Many patients are experiencing disruptions in their access to medications and care or are even delaying needed care out of fear of COVID-19. What’s more is that the stress caused by the outbreak, the necessary physical distancing measures to slow the spread of the virus, and the resulting distress due to lost wages, unemployment, and school closures are taking a huge toll on our brains and bodies. These secondary impacts will acutely affect the health and well-being of Californians in weeks, months, and even years ahead.

Experience and research have demonstrated that crises, such as widespread communicable disease outbreaks (like COVID-19) and natural disasters, result in short- and long-term physical and mental health impacts, including increased cardiovascular, metabolic, immunologic, and neuropsychiatric risk. These result from disruption of access to care and the resources needed for health maintenance, as well as to over-activity of the biological stress response, also known as the toxic stress response.
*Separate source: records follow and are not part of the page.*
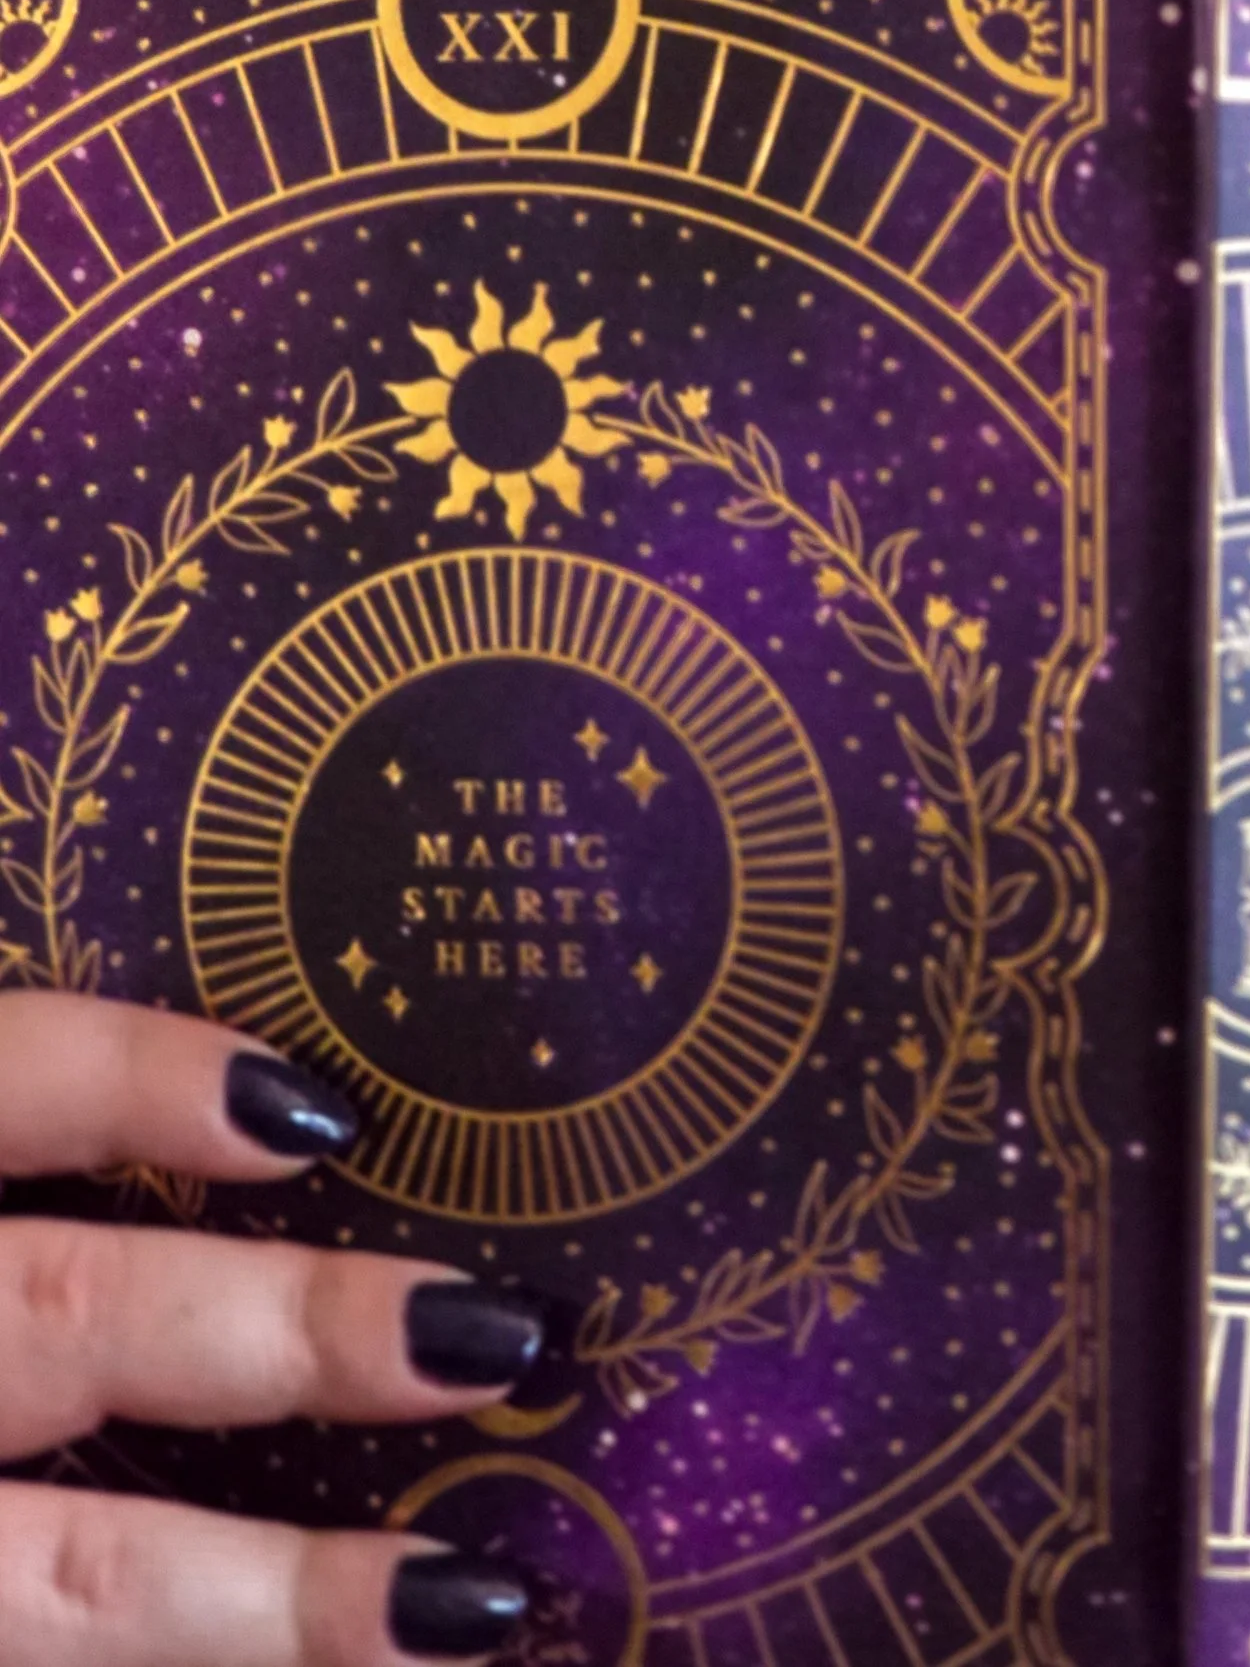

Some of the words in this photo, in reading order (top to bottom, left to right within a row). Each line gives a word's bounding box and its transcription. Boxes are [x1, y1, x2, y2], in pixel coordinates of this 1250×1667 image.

[436, 11, 571, 62] XXI
[453, 780, 567, 816] THE
[415, 832, 608, 870] MAGIC
[402, 887, 621, 924] STARTS
[435, 940, 587, 978] HERE
If providers don’t act intentionally and inclusively, the disproportionate impact of COVID-19 on at-risk communities will worsen existing health, social, and economic disparities. For myriad and complex reasons, including increased exposure to cumulative adversity, communities of color have a higher rate of many underlying medical conditions that increase risk for serious COVID-19 infection. These include heart disease, high blood pressure, chronic lung diseases, diabetes, kidney disease, and some cancers.

Providers can help address and mitigate negative health outcomes associated with toxic stress by responding with disaster-responsive, trauma-informed care, and treatment plans that also include measures to help regulate the stress response system.

It is vital that providers learn the signs and assess for toxic stress-related morbidity, including elevated blood pressure, increased Hemoglobin A1c, exacerbations of chronic obstructive pulmonary disease and asthma, immune dysregulation, and mental and behavioral health deterioration, which may increase risk for infection, autoimmune disorders, heart attack, stroke, and other stress-related health conditions.

Providers can stay informed on the most current guidance and best practices and should support continuity and integration of medical and behavioral health services via telehealth and related adaptations in service delivery during the crisis. The Department of Health Care Services has specific guidance for Medi-Cal providers, including on Telehealth and Virtual/Telephonic Communications.

Launched earlier this year, the ACEs Aware initiative offers Medi-Cal providers training, clinical protocols, additional resources, and payment for screening children and adults for Adverse Childhood Experiences (ACEs) and responding with trauma-informed care. Individuals with a history of ACEs are especially vulnerable to negative health outcomes related to the COVID-19 emergency. As a result, ACEs Aware has created and curated evidence-based clinical tools and resources specifically to support providers in recognizing and responding to stress-related morbidity and specific guidance on the topic in COVID-19 response.

In the weeks and months to come, identifying patients at risk for toxic stress and supplementing usual care with strategies to regulate the stress response system can yield highly impactful, life-saving results.